12 E ele lhes disse: levantai-me, e lançai-me no mar, e o mar se vos aquietará; porque eu sei que por minha causa é que vos sobreveio esta grande tempestade.
Tedy rzekł do nich: Weźmijcie mię, a wrzućcie mię w morze, a uspokoi się morze przed wami, gdyż ja wiem, iż dla mnie to wzruszenie wielkie na was przyszło.
13 Mas os homens remavam, para tornar a trazer o navio para terra, mas não podiam; porquanto o mar se ia embravecendo cada vez mais contra eles.
Ale oni mężowie robili wiosłami, chcąc się do brzegu dostać, wszakże nie mogli; bo się morze im dalej tem więcej burzyło przeciwko nim.
14 Então clamaram ao Senhor, e disseram: Ah Senhor! não pereçamos por causa da alma deste homem, e não ponhas sobre nós o sangue inocente; porque tu, Senhor, fizeste como quizeste.
Wołali tedy do Pana, mówiąc: O Panie! prosimy, abyśmy nie zginęli dla śmierci męża tego, ani wkładaj na nas krwi niewinnej; bo ty, o Panie! jako chcesz, tak czynisz.

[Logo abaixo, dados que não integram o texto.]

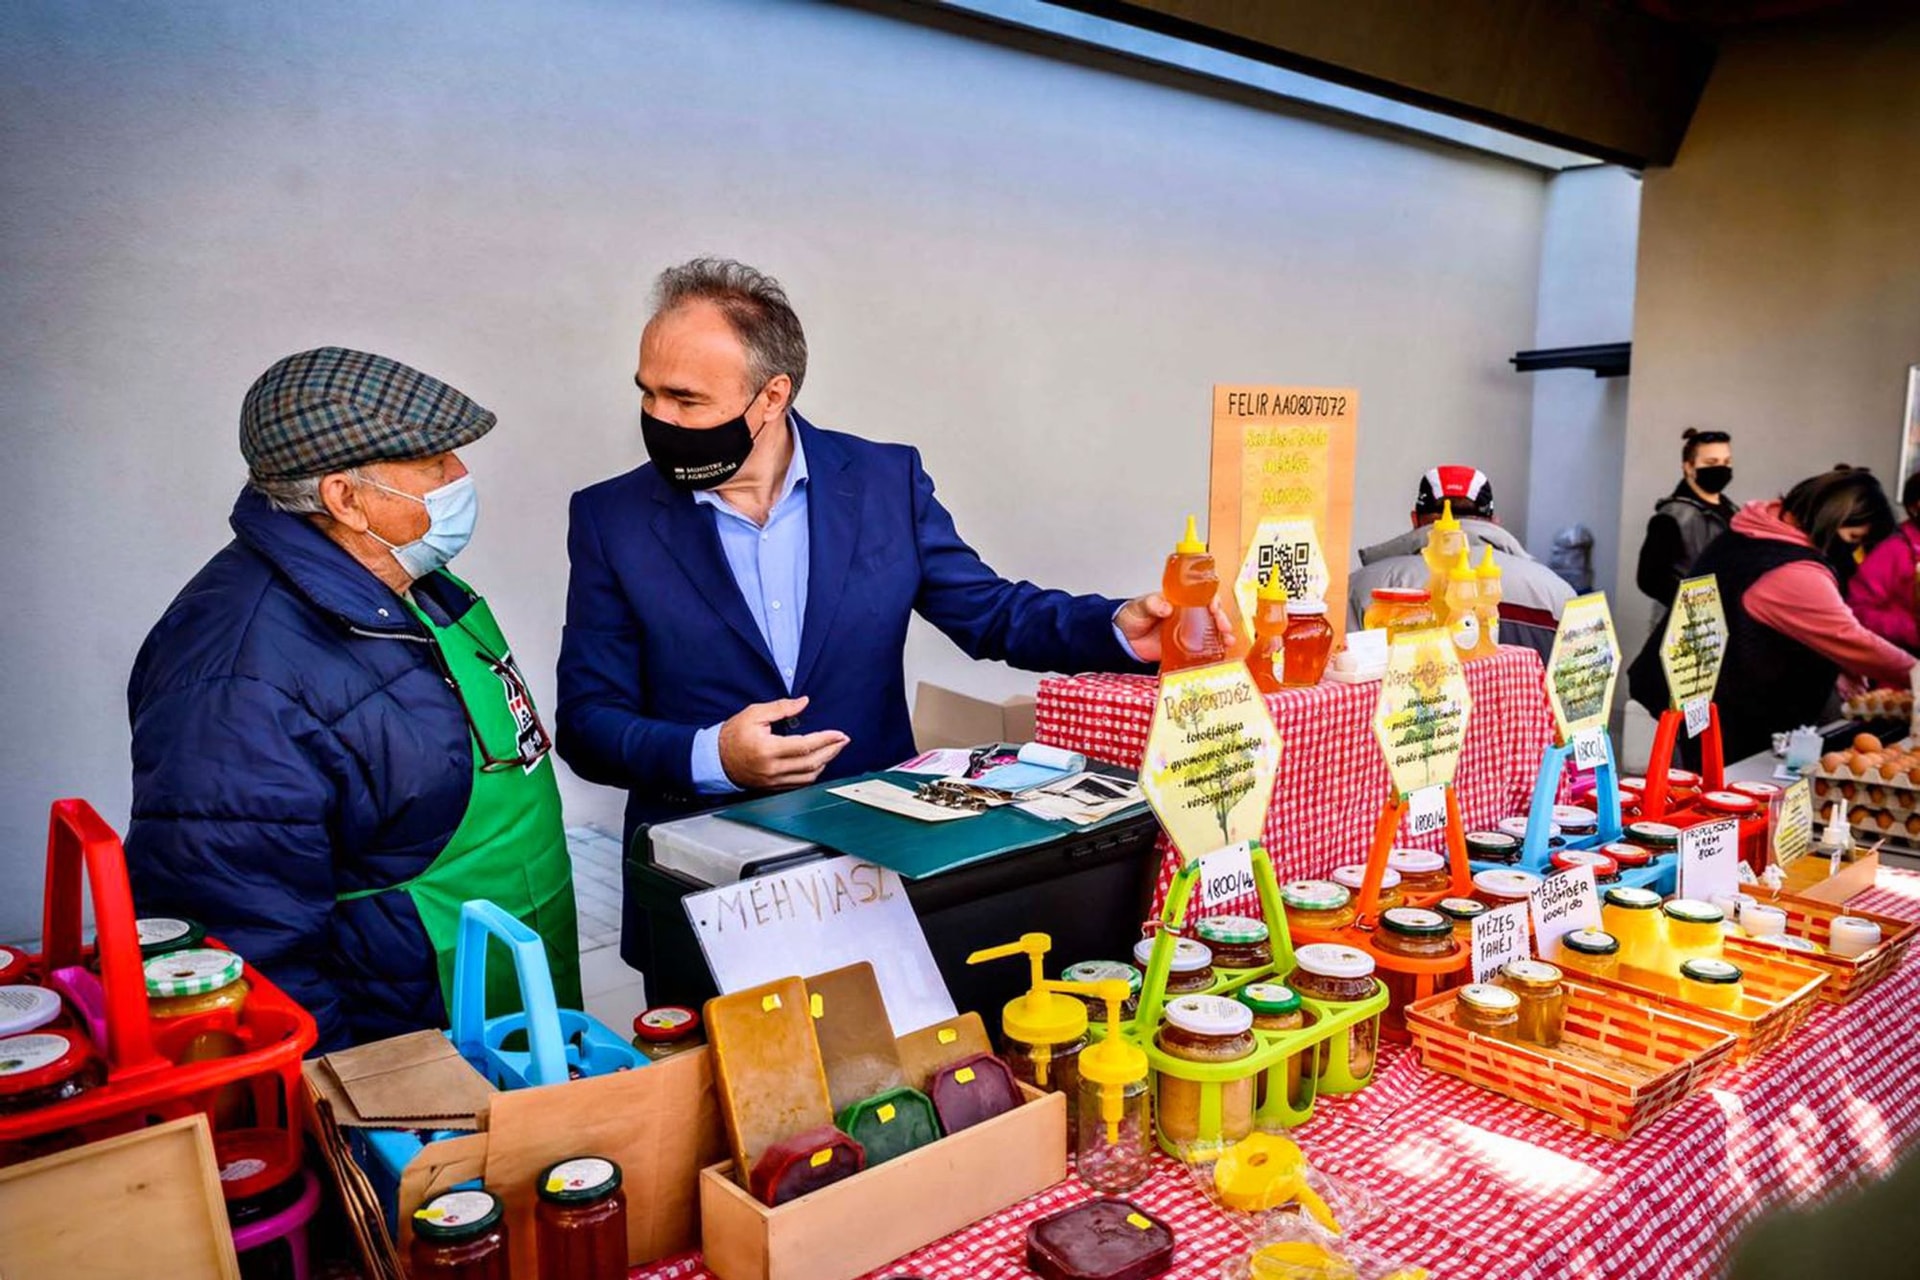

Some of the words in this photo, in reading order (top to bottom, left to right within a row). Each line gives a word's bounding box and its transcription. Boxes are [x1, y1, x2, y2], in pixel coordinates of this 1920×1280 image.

15 E levantaram a Jonas, e o lançaram no mar, e cessou o mar da sua fúria.
Zatem wzięli Jonasza i wrzucili go w morze; i uspokoiło się morze od wzburzenia swego.
16 Temeram pois estes homens ao Senhor com grande temor; e sacrificaram sacrifícios ao Senhor, e votaram votos.
Bali się tedy mężowie strachem wielkim Pana, i ofiarowali ofiarę Panu, i śluby czynili.
17 Preparou pois o Senhor um grande peixe, que tragasse a Jonas; e esteve Jonas três dias e três noites nas entranhas do peixe.
Lecz Pan był nagotował rybę wielką, żeby pożarła Jonasza; i był Jonasz we wnętrznościach onej ryby trzy dni i trzy nocy.